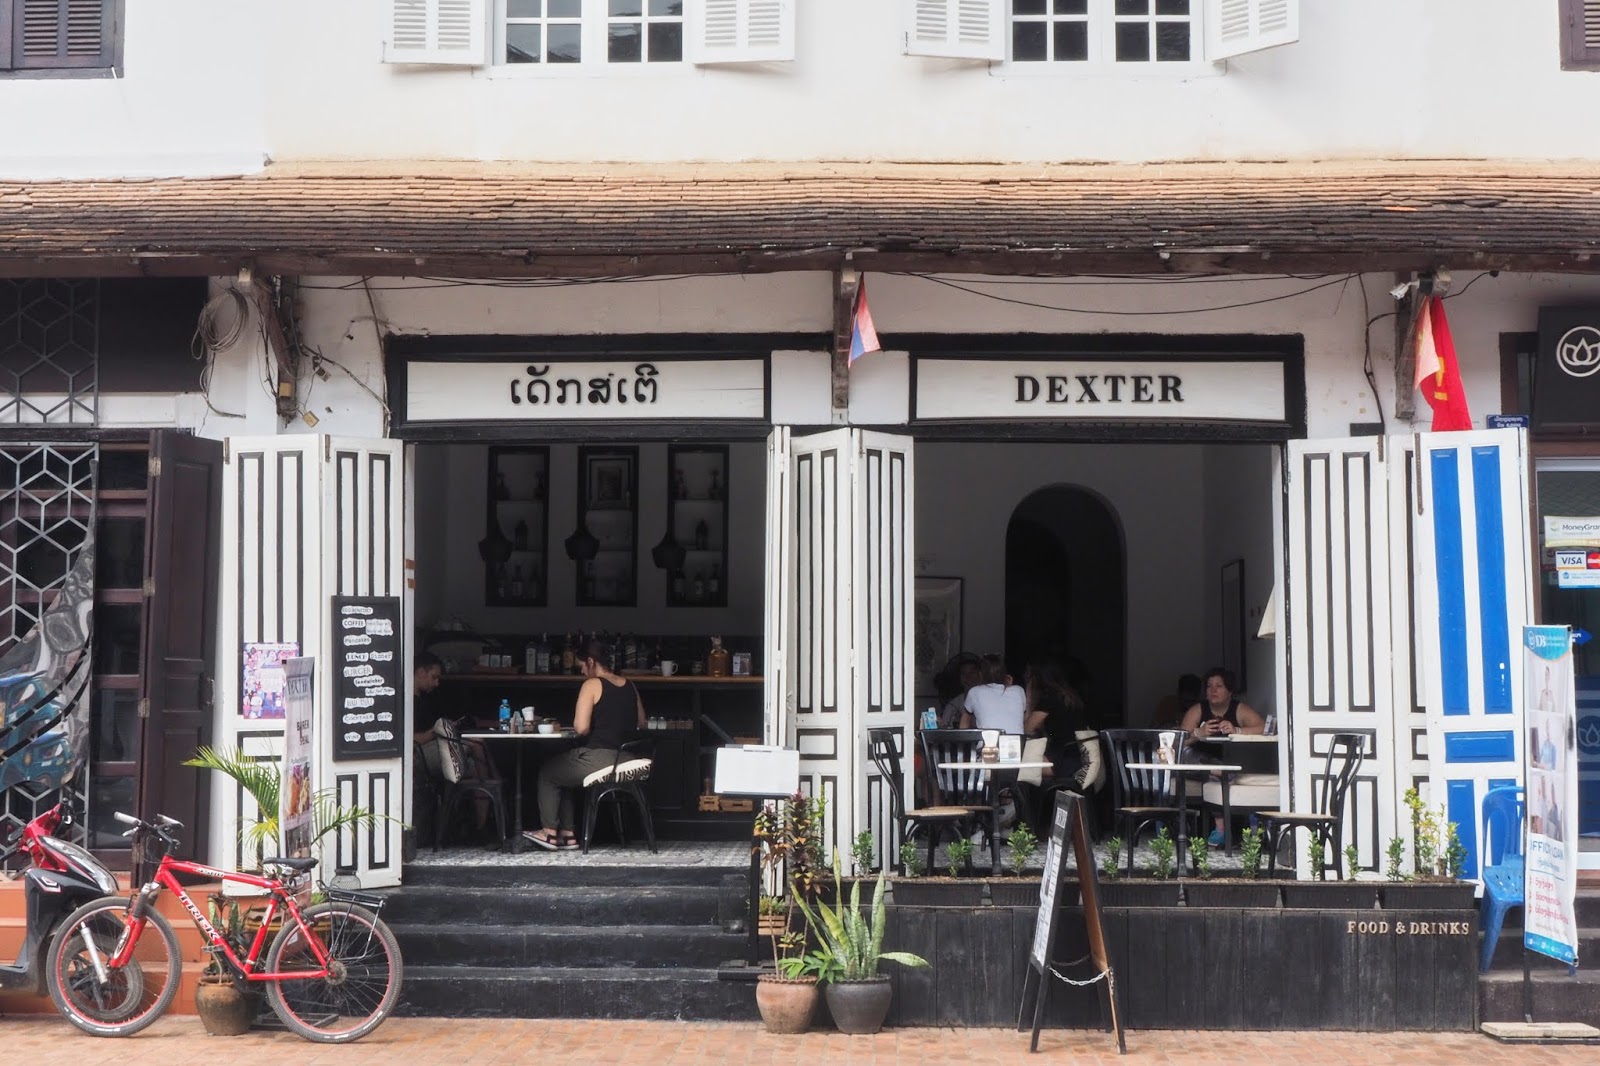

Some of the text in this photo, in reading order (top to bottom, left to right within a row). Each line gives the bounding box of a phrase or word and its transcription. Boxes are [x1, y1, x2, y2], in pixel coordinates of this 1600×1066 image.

[1014, 375, 1185, 403] DEXTER
[1561, 556, 1583, 565] VISA
[180, 891, 220, 941] TREK
[1347, 921, 1470, 935] FOOD & DRINKS

□ □ □ □ □

- Exercise aim
Could you reproduce the listing above exactly and drop every picture?

- Task solution
Some of the text in this photo, in reading order (top to bottom, left to right within a row). Each line gives the bounding box of a phrase or word and its transcription. Boxes are [x1, y1, x2, y2], in pixel coordinates of this 1600×1066 image.

[1014, 375, 1185, 403] DEXTER
[1561, 556, 1583, 565] VISA
[180, 891, 220, 941] TREK
[1347, 921, 1470, 935] FOOD & DRINKS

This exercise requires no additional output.